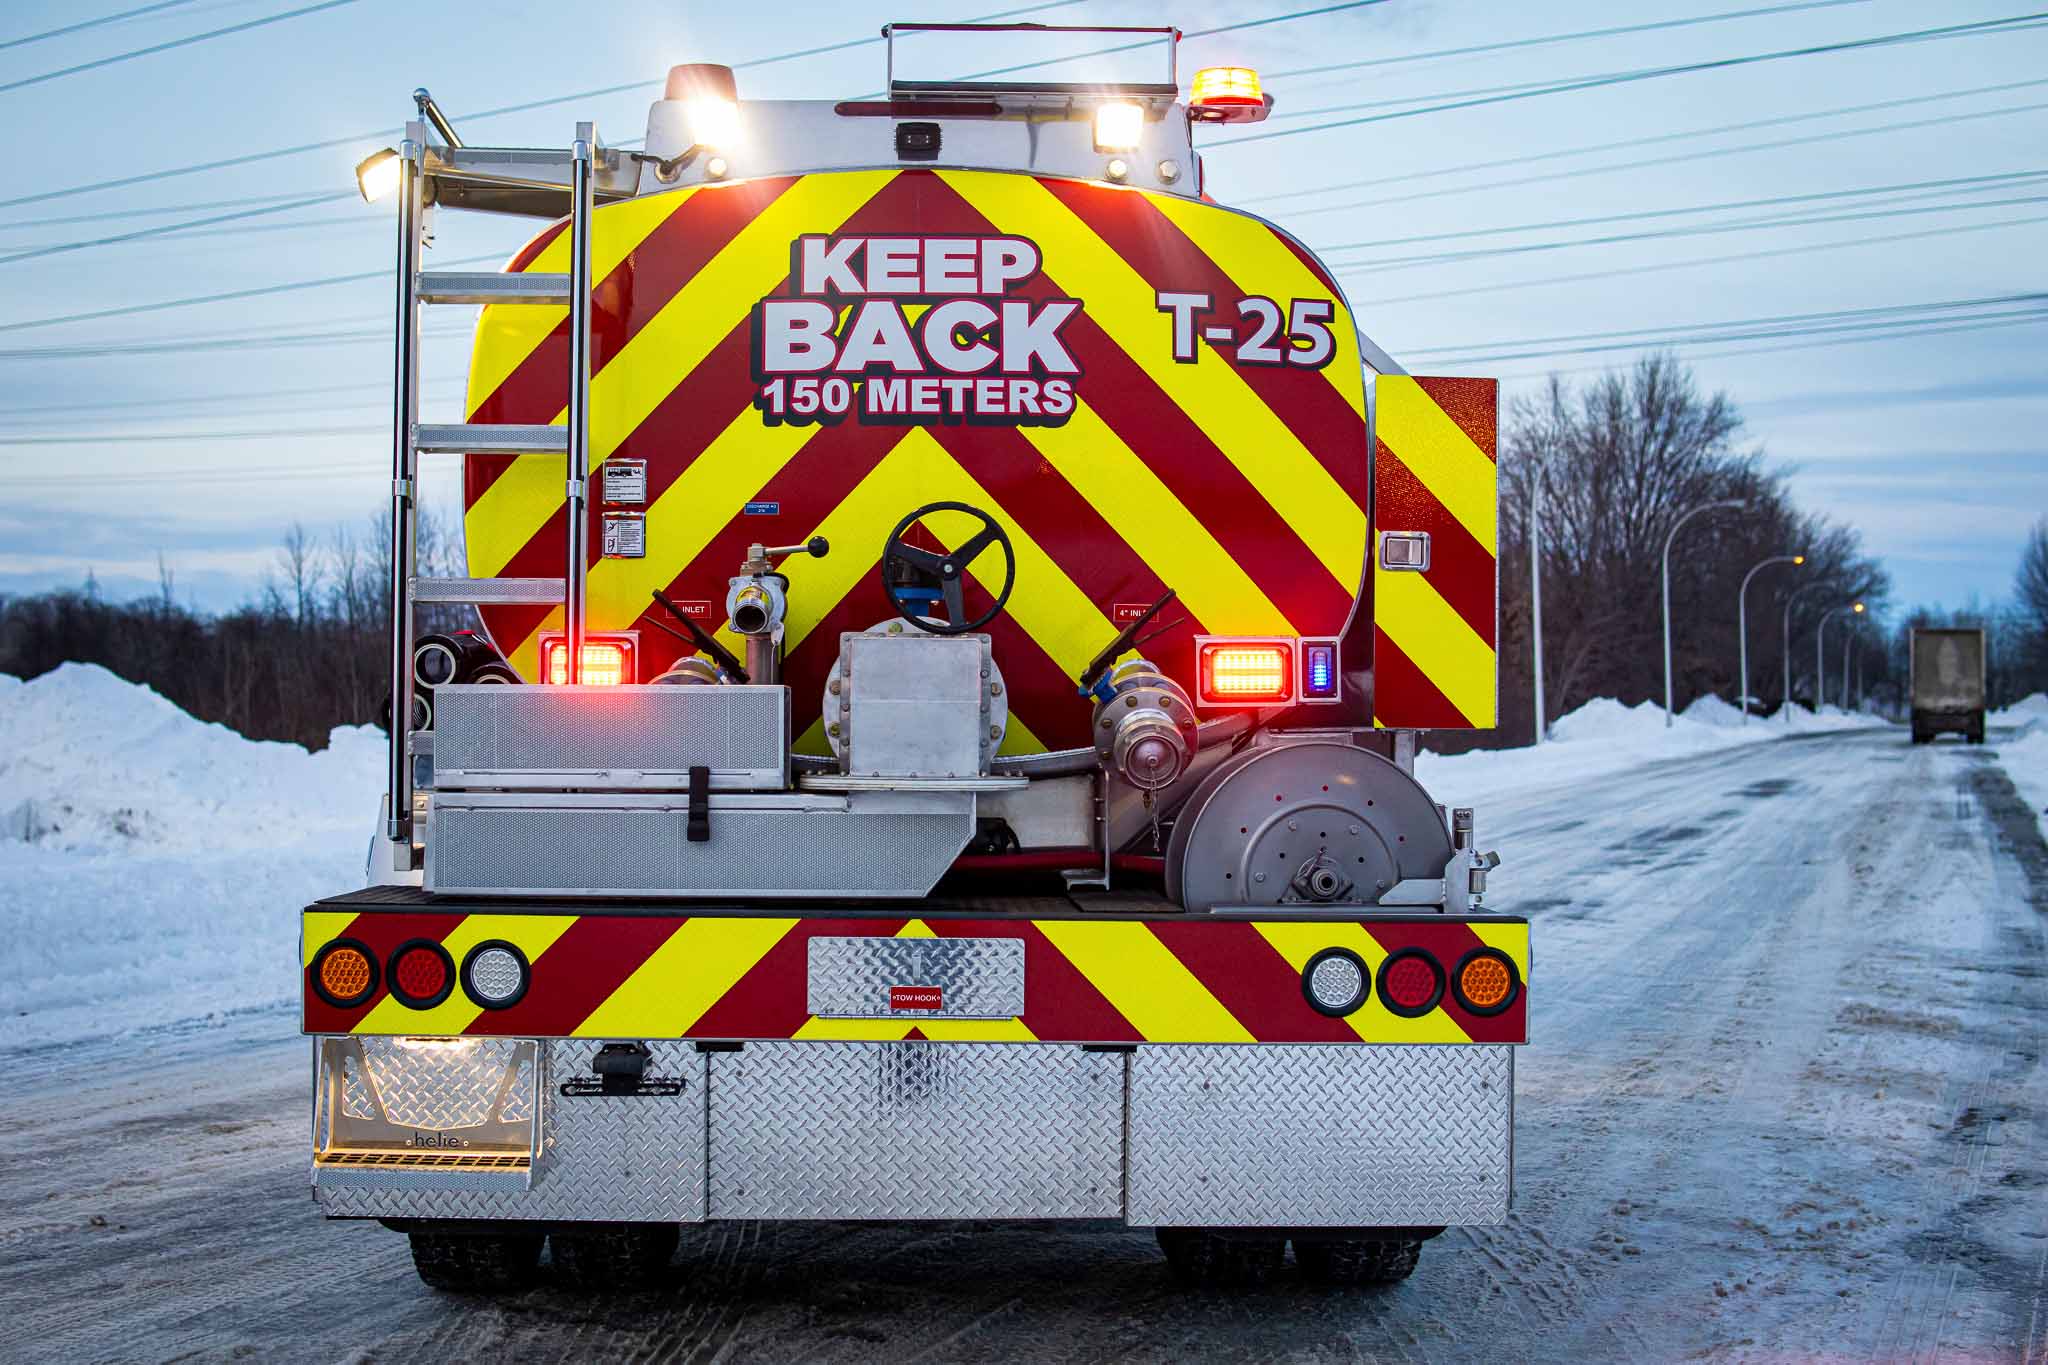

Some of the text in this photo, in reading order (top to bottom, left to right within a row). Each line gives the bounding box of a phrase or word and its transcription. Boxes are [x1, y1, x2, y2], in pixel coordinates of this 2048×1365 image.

[800, 236, 1039, 294] KEEP
[762, 300, 1082, 374] BACK
[1157, 292, 1334, 368] T-25
[762, 377, 1075, 415] 150 METERS
[896, 994, 937, 1002] TOW HOOK
[415, 1131, 459, 1147] helie
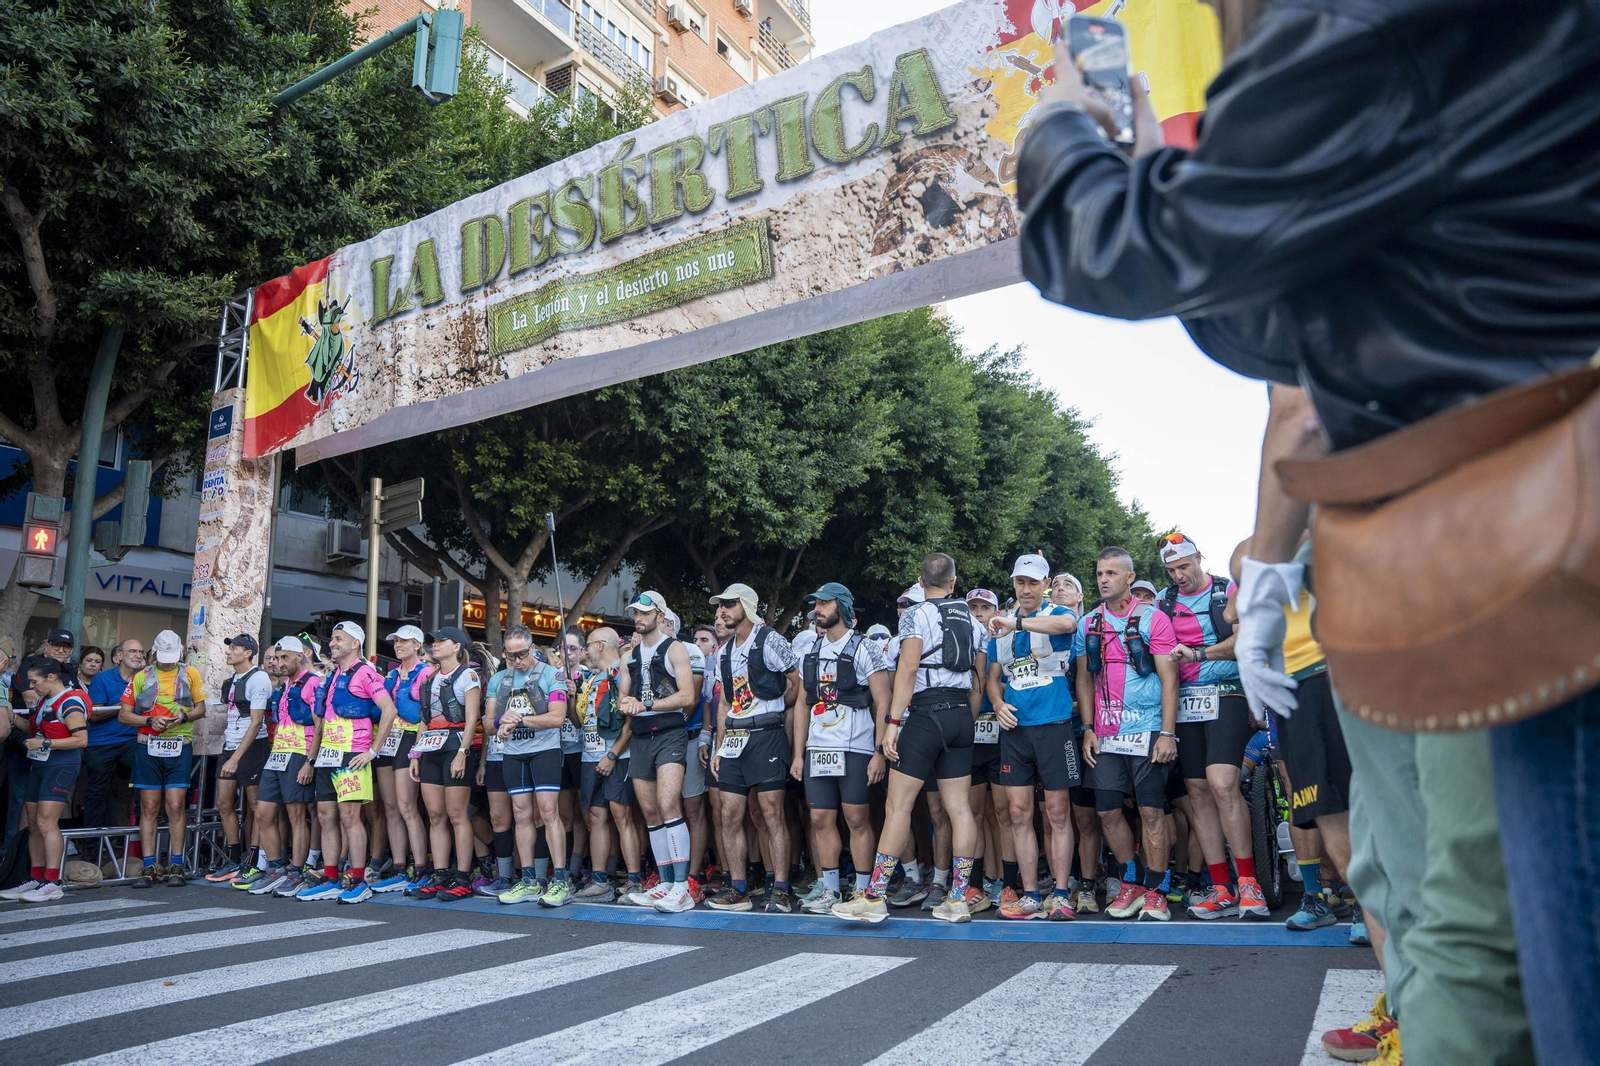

==========

GOAL OF THE EXERCISE: An exact copy of the records above is needed, free of pictures.

SOLUTION:
Some of the text in this photo, in reading order (top to bottom, left to right within a row). Each line gives the bounding box of a phrase or word and its transcription. Boxes are [x1, y1, x2, y2], in pixel coordinates of this 2048×1365 image.

[800, 236, 1039, 294] KEEP
[762, 300, 1082, 374] BACK
[1157, 292, 1334, 368] T-25
[762, 377, 1075, 415] 150 METERS
[896, 994, 937, 1002] TOW HOOK
[415, 1131, 459, 1147] helie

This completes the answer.